Good lord, if you plan on eventually overclocking, and are going to be using one of the all in one water cooling solutions, take what reviews say about the pre-applied thermal compound with a huge grain of salt. While this was my first time using a water cooling setup, it wasn't my first time around the block in regards to building a PC. I ended up buying the Kraken x60, and my idle and load temps seemed ridiculously high, especially at idle (33C - 37C) when the room was at 20C. Prime 95 would raise them to 72C (on the hottest core). That did not seem right at all considering that's the temp you're supposed to see with this cooler with a good 500mhz - 700mhz OC.

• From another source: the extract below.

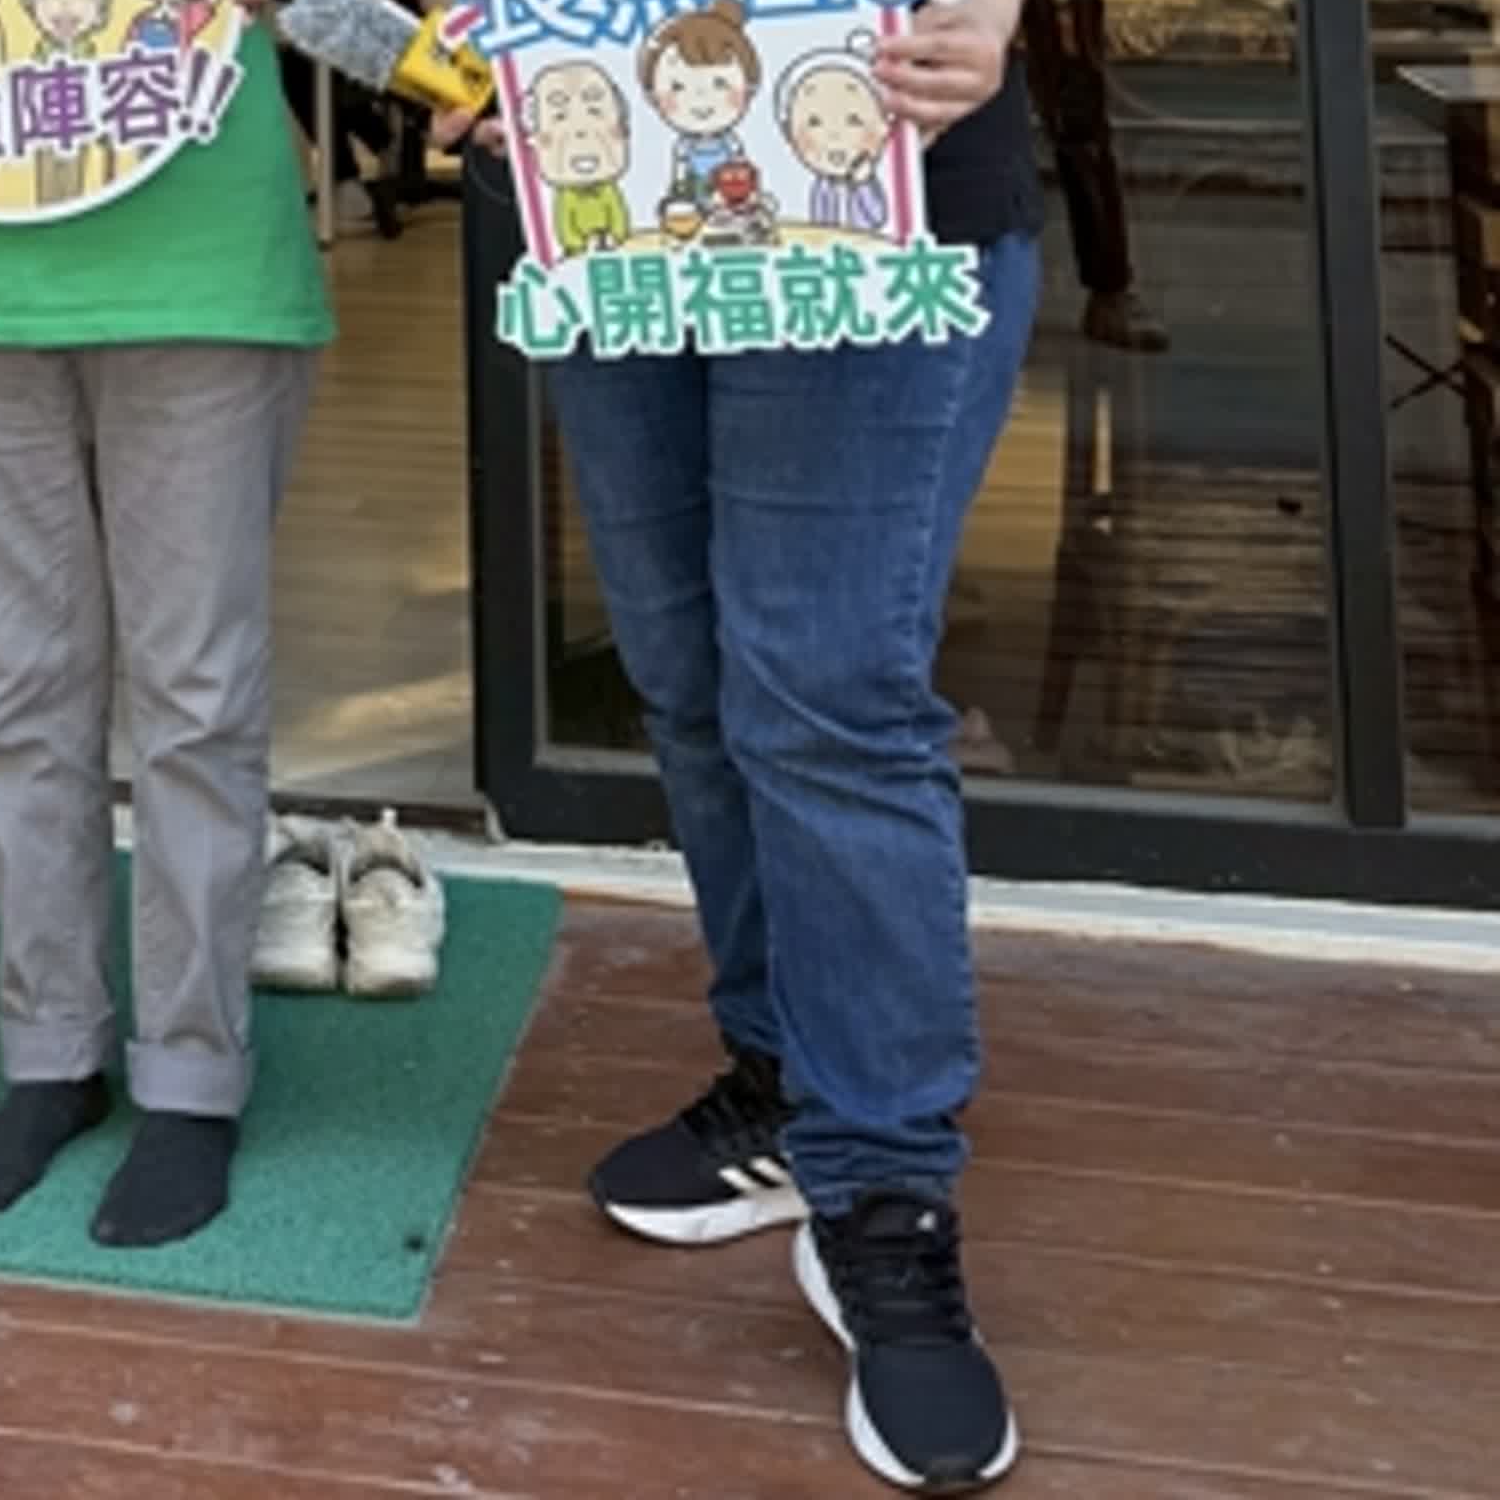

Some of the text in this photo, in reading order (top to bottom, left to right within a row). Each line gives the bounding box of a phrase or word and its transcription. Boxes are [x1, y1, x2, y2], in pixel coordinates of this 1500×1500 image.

I normally use Arctic Silver 5 on pretty much every heatsink, but I didn't bother this time because most reviews claimed that the compound with the Kraken was "good". Nuh-uh. After wiping that shit off and applying some to the heatsink and then wiping off the excess (enough to simply fill in the small gaps that you can't see) and applying it to the CPU, my temps dropped by 6C and will drop an additional 2-4C after it finally sets.

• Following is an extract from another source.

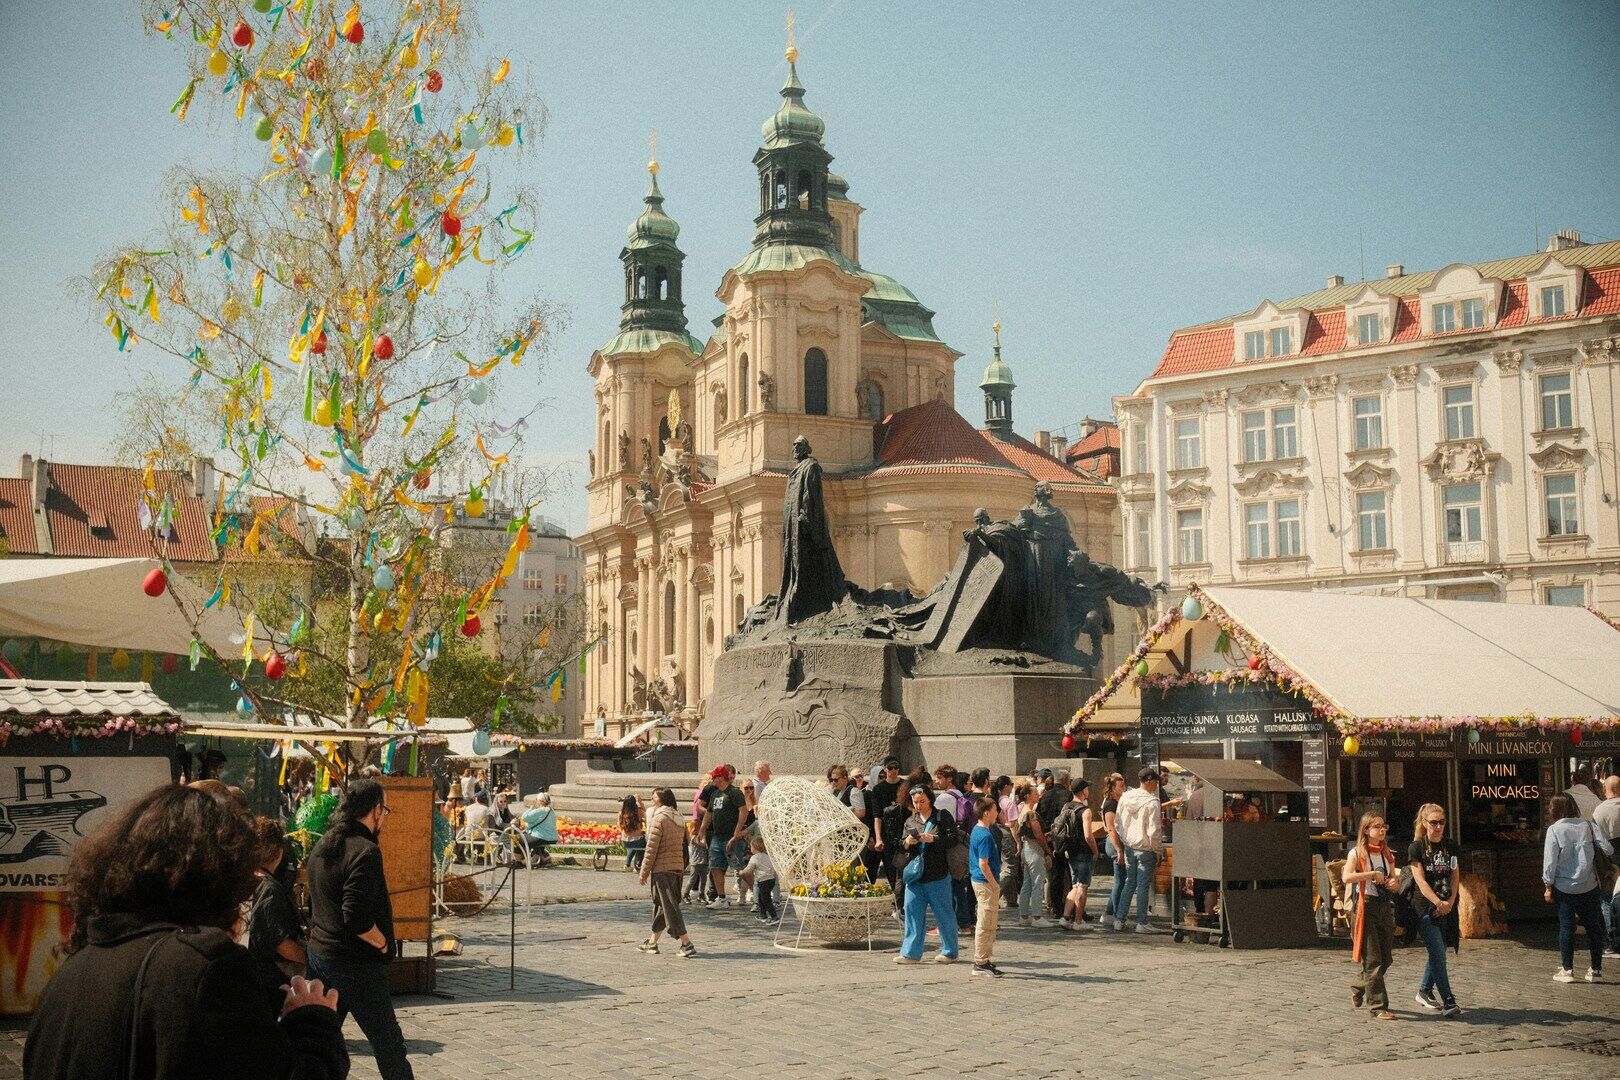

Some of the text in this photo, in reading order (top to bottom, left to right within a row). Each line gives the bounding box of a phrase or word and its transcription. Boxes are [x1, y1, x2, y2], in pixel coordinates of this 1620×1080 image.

Also, for those considering a Kraken x60 (I'm assuming the x40 suffers the same problem), you might want to consider simply using the motherboard to control the fans. The buggy-as-shit software doesn't even show CPU temps on mine (it's simply blank), and only the coolant. It also controls fan speeds based off of coolant temps, not CPU temps, which is beyond stupid. Just use something like Speedfan, or if you're using an Asus board, the AI suite for custom fan profiles. It works much better. Although you might want to consider making the temp breakpoints 10C lower than you really want for fan speed, because the Asus software seems to be measuring the temp of the heatsink, not the actual cores (like RealTemp and Core Temp do).